Si tratterebbe nella situazione esposta, e per quanto è possibile dedurre dalle poche righe del quesito, di semplice assunzione di nuova forza lavoro, alle condizioni dei contratti singolarmente firmati dai nuovi assunti.

13 Ottobre 2019 · Tullio Solinas

Vorrei dei chiarimenti questa situazione che era stata male illustrata precedentemente: La soc A si aggiudica un appalto di vigilanza in una catena di supermercati. Dopo circa un anno la concede in subappalto alla società B, la quale per motivi gestionali e di scarsa affidabilità professionale, dopo circa un anno viene estromessa dal subappalto e rimette i servizi alla società A che gliela aveva subappaltata. Nell’ultimo passaggio la società B si ritrova con un esubero di personale, e chiede alla soc A di assumere alcuni dipendenti con i relativi contratti maturati (alcuni a tempo determinato ed altri a tempo indeterminato). Domanda:per quelli che avevano il contratto a tempo determinato con anzianità di circa 16 mesi nella società B ,si potrebbe configurare e pretendere una continuità ed anzianità con la società A? Si potrebbe impugnare alla scadenza il contratto a tempo determinato con il quale era stato assunto dalla società A e pretendere il contratto a tempo indeterminato?
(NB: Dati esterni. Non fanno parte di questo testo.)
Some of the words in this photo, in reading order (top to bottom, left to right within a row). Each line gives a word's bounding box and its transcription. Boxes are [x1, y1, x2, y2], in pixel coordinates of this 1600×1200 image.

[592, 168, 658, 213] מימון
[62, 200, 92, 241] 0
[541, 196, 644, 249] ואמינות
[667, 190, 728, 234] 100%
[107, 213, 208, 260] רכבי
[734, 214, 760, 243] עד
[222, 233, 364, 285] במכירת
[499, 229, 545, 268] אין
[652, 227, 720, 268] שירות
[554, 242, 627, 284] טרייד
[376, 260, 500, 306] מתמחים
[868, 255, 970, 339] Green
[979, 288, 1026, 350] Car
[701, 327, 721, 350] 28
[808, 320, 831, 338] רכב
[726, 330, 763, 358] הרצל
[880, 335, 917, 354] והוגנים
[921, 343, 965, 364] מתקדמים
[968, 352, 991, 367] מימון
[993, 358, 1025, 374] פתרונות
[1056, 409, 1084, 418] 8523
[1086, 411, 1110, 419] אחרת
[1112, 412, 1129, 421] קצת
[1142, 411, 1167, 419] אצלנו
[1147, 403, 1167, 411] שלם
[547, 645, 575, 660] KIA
Si tratta di due contratti di lavoro distinti ed autonomi: il primo fra il dipendente e la società B, il secondo fra lo stesso dipendente e la società A. Il fatto che la società A abbia affidato un subappalto alla società B è irrilevante.

Come dispone l’articolo 2112 del codice civile, solo in caso di trasferimento d’azienda, il rapporto di lavoro continua con il cessionario ed il lavoratore conserva tutti i diritti che ne derivano.